#### [Input material]
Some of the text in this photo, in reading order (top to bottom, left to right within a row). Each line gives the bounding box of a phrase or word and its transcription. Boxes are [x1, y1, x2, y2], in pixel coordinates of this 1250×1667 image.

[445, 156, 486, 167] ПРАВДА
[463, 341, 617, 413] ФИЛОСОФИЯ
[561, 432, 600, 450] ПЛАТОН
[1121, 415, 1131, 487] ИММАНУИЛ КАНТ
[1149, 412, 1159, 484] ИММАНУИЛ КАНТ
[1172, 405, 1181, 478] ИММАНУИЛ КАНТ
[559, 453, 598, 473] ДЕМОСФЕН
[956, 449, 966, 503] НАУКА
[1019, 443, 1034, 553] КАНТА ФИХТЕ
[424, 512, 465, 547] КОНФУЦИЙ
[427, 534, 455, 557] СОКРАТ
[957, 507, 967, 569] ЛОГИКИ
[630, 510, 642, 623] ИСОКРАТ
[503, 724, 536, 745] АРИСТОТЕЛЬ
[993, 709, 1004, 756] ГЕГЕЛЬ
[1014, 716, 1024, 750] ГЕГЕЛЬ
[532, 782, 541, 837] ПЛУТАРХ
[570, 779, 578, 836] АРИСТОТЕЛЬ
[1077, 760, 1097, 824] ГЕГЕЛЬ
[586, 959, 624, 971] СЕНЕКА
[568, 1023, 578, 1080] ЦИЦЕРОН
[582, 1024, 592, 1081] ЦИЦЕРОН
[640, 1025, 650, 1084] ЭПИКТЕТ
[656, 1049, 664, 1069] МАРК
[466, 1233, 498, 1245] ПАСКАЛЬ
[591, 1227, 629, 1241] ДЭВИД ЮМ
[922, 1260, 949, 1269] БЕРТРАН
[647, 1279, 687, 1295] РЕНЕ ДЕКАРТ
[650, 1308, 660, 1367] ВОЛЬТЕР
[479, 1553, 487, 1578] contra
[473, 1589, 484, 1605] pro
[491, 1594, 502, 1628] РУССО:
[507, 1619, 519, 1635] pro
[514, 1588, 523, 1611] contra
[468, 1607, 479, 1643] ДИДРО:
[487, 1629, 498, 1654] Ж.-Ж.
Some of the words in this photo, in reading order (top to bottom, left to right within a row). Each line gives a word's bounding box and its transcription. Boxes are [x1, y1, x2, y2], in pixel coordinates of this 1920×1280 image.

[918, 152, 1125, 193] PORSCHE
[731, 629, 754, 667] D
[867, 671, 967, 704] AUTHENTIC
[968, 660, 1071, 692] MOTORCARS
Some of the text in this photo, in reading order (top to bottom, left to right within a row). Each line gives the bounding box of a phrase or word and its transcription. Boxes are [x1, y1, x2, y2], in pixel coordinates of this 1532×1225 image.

#### [Task to complete]
All of the entries above should be transcribed exactly, line for line.

#### [Written solution]
Some of the text in this photo, in reading order (top to bottom, left to right within a row). Each line gives the bounding box of a phrase or word and its transcription. Boxes are [x1, y1, x2, y2], in pixel coordinates of this 1250×1667 image.

[445, 156, 486, 167] ПРАВДА
[463, 341, 617, 413] ФИЛОСОФИЯ
[561, 432, 600, 450] ПЛАТОН
[1121, 415, 1131, 487] ИММАНУИЛ КАНТ
[1149, 412, 1159, 484] ИММАНУИЛ КАНТ
[1172, 405, 1181, 478] ИММАНУИЛ КАНТ
[559, 453, 598, 473] ДЕМОСФЕН
[956, 449, 966, 503] НАУКА
[1019, 443, 1034, 553] КАНТА ФИХТЕ
[424, 512, 465, 547] КОНФУЦИЙ
[427, 534, 455, 557] СОКРАТ
[957, 507, 967, 569] ЛОГИКИ
[630, 510, 642, 623] ИСОКРАТ
[503, 724, 536, 745] АРИСТОТЕЛЬ
[993, 709, 1004, 756] ГЕГЕЛЬ
[1014, 716, 1024, 750] ГЕГЕЛЬ
[532, 782, 541, 837] ПЛУТАРХ
[570, 779, 578, 836] АРИСТОТЕЛЬ
[1077, 760, 1097, 824] ГЕГЕЛЬ
[586, 959, 624, 971] СЕНЕКА
[568, 1023, 578, 1080] ЦИЦЕРОН
[582, 1024, 592, 1081] ЦИЦЕРОН
[640, 1025, 650, 1084] ЭПИКТЕТ
[656, 1049, 664, 1069] МАРК
[466, 1233, 498, 1245] ПАСКАЛЬ
[591, 1227, 629, 1241] ДЭВИД ЮМ
[922, 1260, 949, 1269] БЕРТРАН
[647, 1279, 687, 1295] РЕНЕ ДЕКАРТ
[650, 1308, 660, 1367] ВОЛЬТЕР
[479, 1553, 487, 1578] contra
[473, 1589, 484, 1605] pro
[491, 1594, 502, 1628] РУССО:
[507, 1619, 519, 1635] pro
[514, 1588, 523, 1611] contra
[468, 1607, 479, 1643] ДИДРО:
[487, 1629, 498, 1654] Ж.-Ж.
Some of the words in this photo, in reading order (top to bottom, left to right within a row). Each line gives a word's bounding box and its transcription. Boxes are [x1, y1, x2, y2], in pixel coordinates of this 1920×1280 image.

[918, 152, 1125, 193] PORSCHE
[731, 629, 754, 667] D
[867, 671, 967, 704] AUTHENTIC
[968, 660, 1071, 692] MOTORCARS
Some of the text in this photo, in reading order (top to bottom, left to right within a row). Each line gives the bounding box of a phrase or word and its transcription. Boxes are [x1, y1, x2, y2], in pixel coordinates of this 1532×1225 image.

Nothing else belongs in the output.